Challenging Week Ahead

A robust employment report would mean the earliest window for the Fed to signal its intention on the pace and composition of its bond-buying would be the Jackson Hole conference at the end of August. By the time the Fed meets in September, there will be another employment report, and there may be more clarity about the impact of the growing virus. Fed Chair Powell has pledged an advanced warning to the market about its decision about tapering.

The hawk camp wants to taper, and some want to focus on the MBS purchases, and the sooner, the better. The dove camp is in no hurry and seems somewhat less convinced that those purchases drive up house prices, which have continued to soar at a record pace according to the S&P CoreLogic Case-Shiller 20-city 17% year-over-year in May. The FHFA house price index has risen by more than 1% a month since June 2020. It is more than twice the pace that it had averaged in 2016-2019. 

In practical terms, the hawks seem to prefer tapering later this year, which if this window is going to remain open, some clearer guidance needs to be provided soon (September). The doves may be more inclined to start the actual tapering next year, clear of the debt ceiling issue, and have a better understanding of the sustainability of price pressures and after income support programs expire.
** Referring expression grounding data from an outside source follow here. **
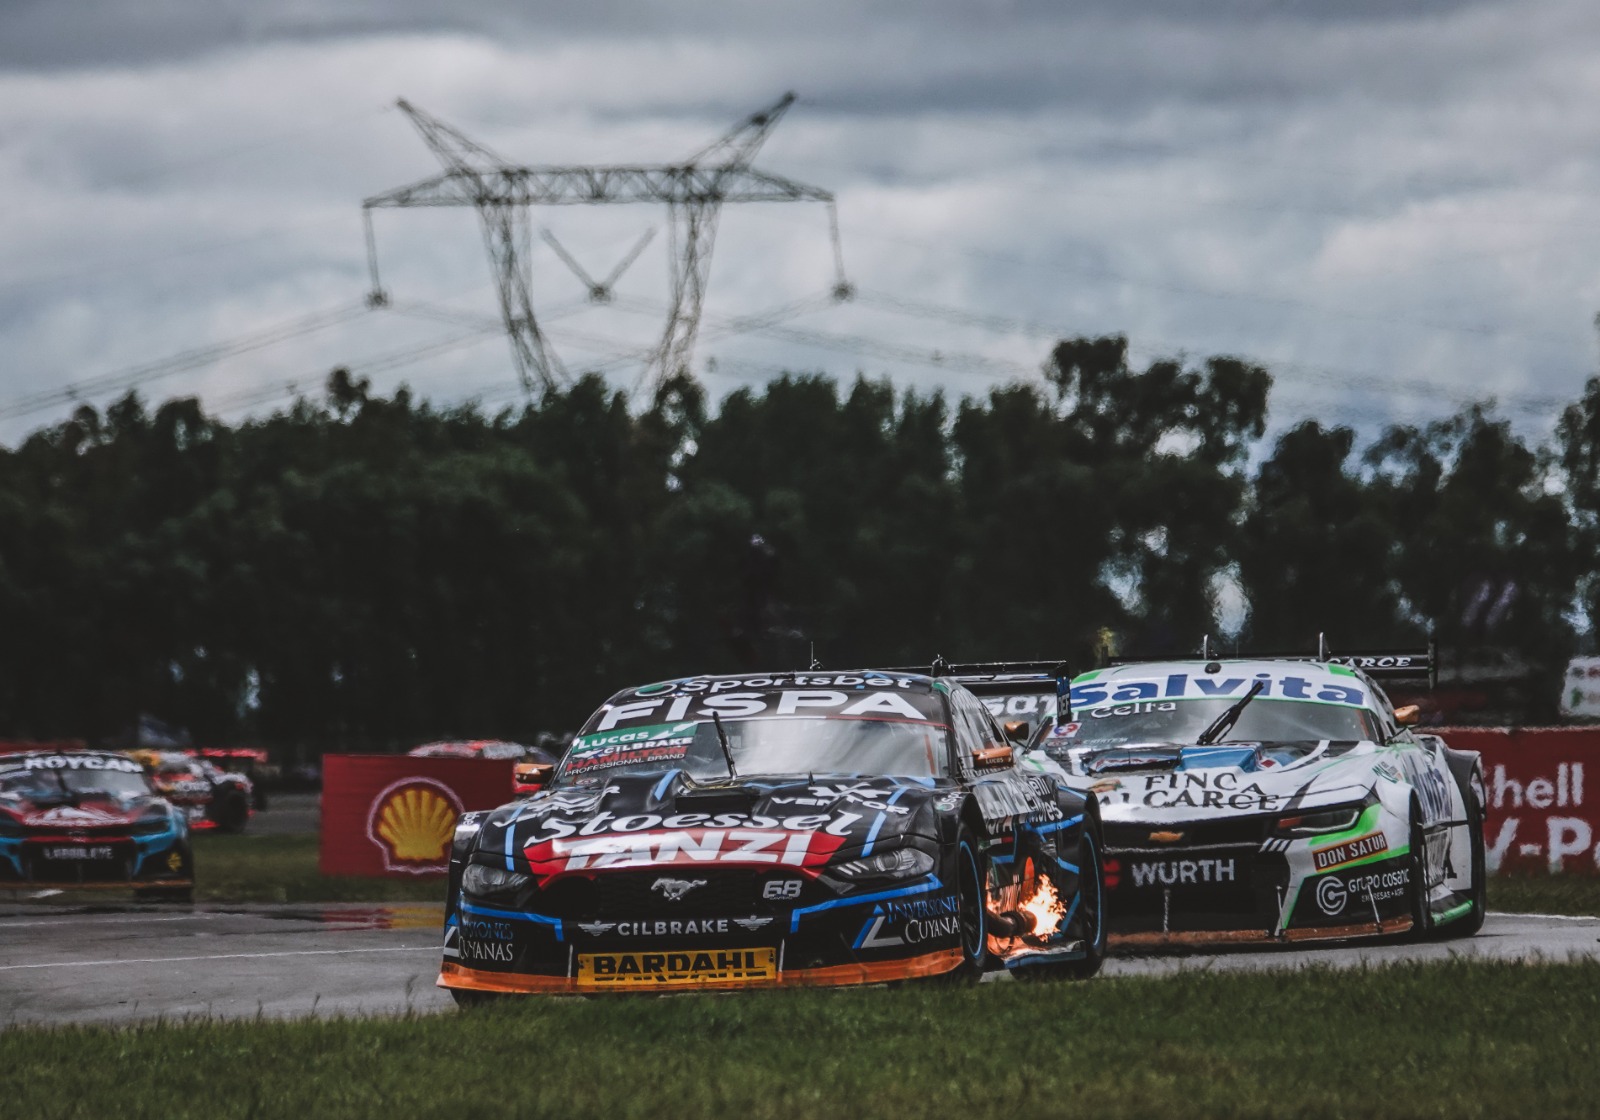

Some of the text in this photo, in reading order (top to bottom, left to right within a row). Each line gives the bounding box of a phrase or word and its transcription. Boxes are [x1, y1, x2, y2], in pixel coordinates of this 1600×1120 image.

[681, 675, 913, 693] Sportsbet
[1070, 673, 1364, 706] Salvita
[597, 690, 928, 731] FISPA
[577, 731, 649, 749] Lucas
[604, 737, 694, 754] CILBRAKE
[565, 753, 685, 776] PROFESSIONAL BRAND
[566, 746, 687, 771] HAMILTON
[1145, 772, 1267, 797] FINCA
[1484, 763, 1584, 809] hell
[524, 809, 863, 848] Stoessel
[552, 831, 814, 870] TANZI
[1317, 833, 1387, 868] DON SATUR
[763, 880, 802, 899] 68
[617, 919, 729, 936] CILBRAKE
[593, 951, 767, 982] BARDAHL
Tactically, with note and bond yields at several month lows and record-low real rates, some officials see these conditions as ideal to announce its intention to taper in the coming months. The market has provided a cushion for an exaggerated reaction that cannot be ruled out.
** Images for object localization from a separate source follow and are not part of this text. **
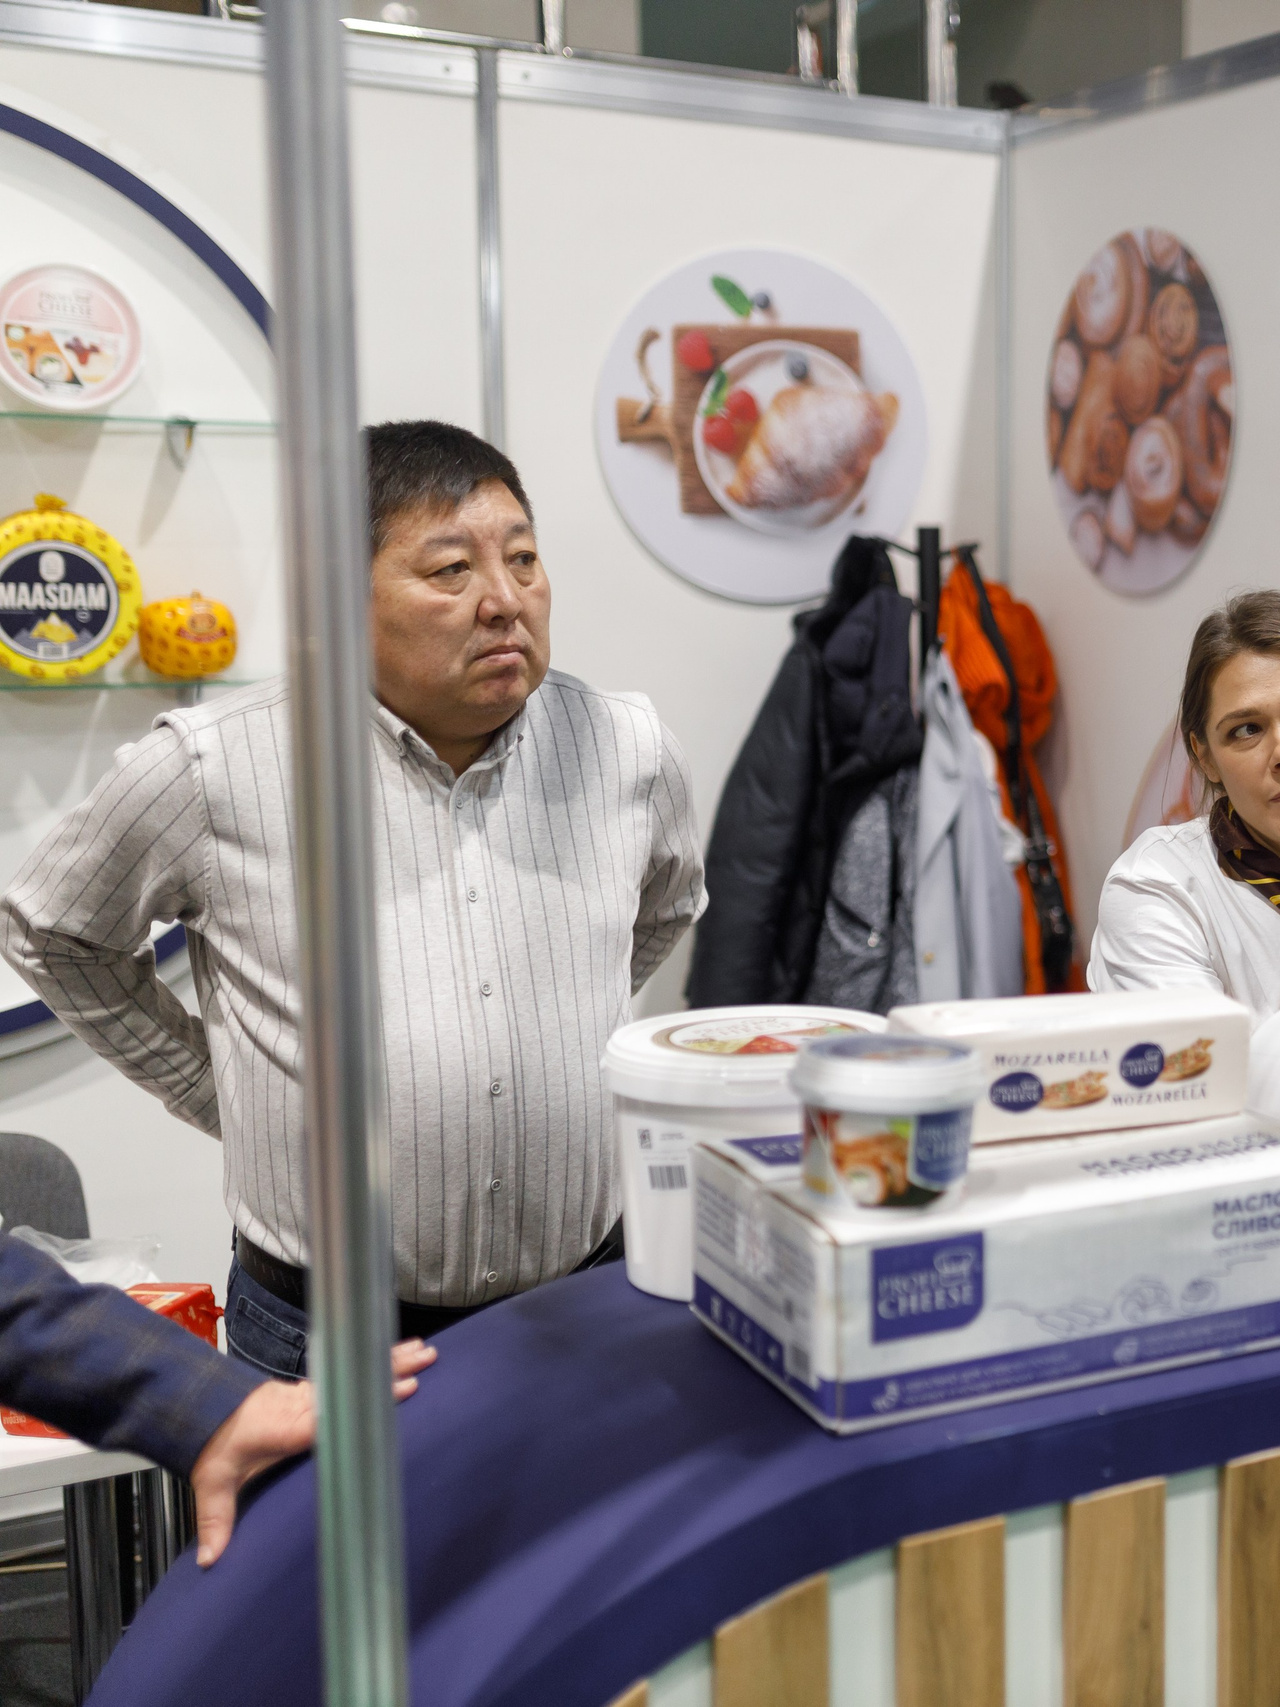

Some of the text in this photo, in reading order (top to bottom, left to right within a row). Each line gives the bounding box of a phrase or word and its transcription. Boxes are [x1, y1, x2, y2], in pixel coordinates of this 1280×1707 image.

[0, 582, 107, 611] MAASDAM
[992, 1049, 1110, 1067] MOZZARELLA
[992, 1092, 1040, 1104] CHEESE
[1110, 1085, 1208, 1107] MOZZARELLA
[877, 1284, 973, 1319] CHEESE
For long-term investors and corporate Treasurers, it might not be a big difference between tapering late 2021 or early 2022. However, many will extrapolate from slowly taking a foot off the accelerator to tapping on the brake. The December 2022 Eurodollar futures contract implies a three-month yield in 16 months of about 40 bps. The current three-month rate is about 13 bps. That implies a 25 bps hike is anticipated. Recall that a significant minority of Fed officials (7/18) anticipated in June that a hike by the end of next year would be appropriate.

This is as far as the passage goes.